### Task to complete
Omit every picture while you reproduce the entries that follow word for word.

### Supplied entries

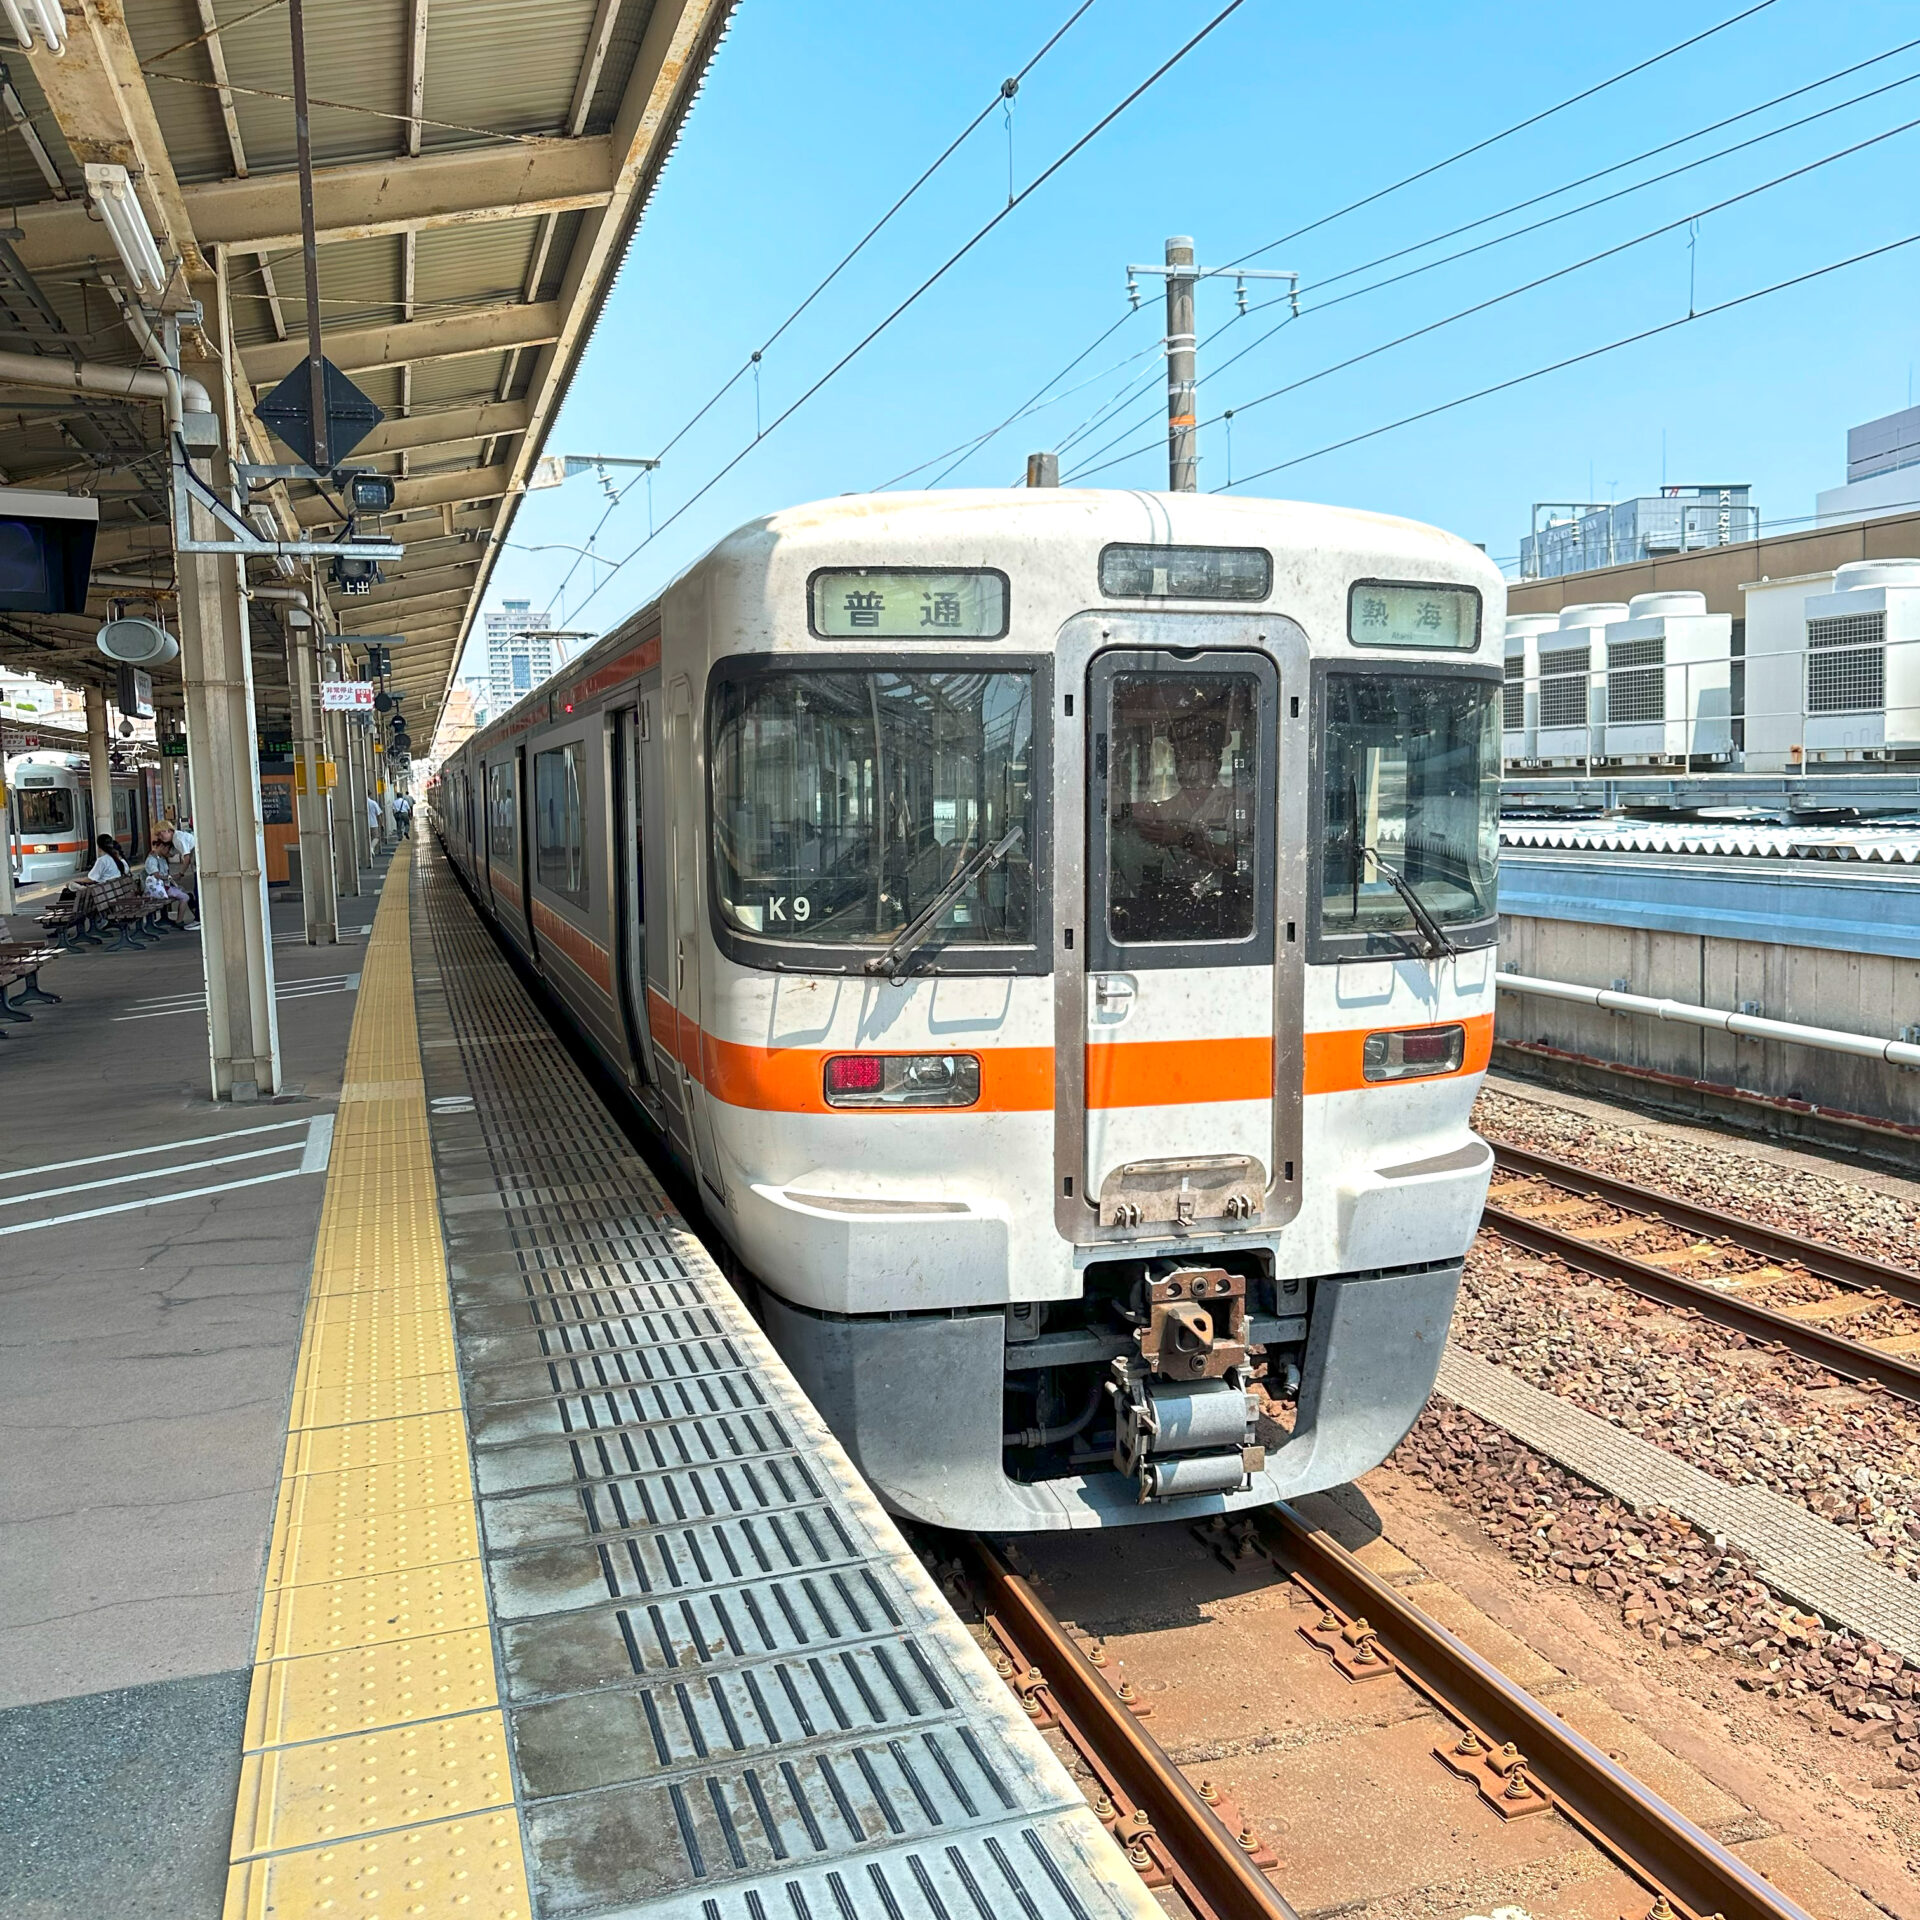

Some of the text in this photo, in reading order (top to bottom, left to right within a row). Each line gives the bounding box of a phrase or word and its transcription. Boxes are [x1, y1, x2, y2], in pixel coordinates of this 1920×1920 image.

[342, 581, 370, 595] 上出
[843, 590, 963, 628] 普通
[1362, 598, 1442, 630] 熱海
[326, 686, 354, 694] 非常停止

### Written response
Some of the text in this photo, in reading order (top to bottom, left to right within a row). Each line gives the bounding box of a phrase or word and its transcription. Boxes are [x1, y1, x2, y2], in pixel coordinates of this 1920×1920 image.

[342, 581, 370, 595] 上出
[843, 590, 963, 628] 普通
[1362, 598, 1442, 630] 熱海
[326, 686, 354, 694] 非常停止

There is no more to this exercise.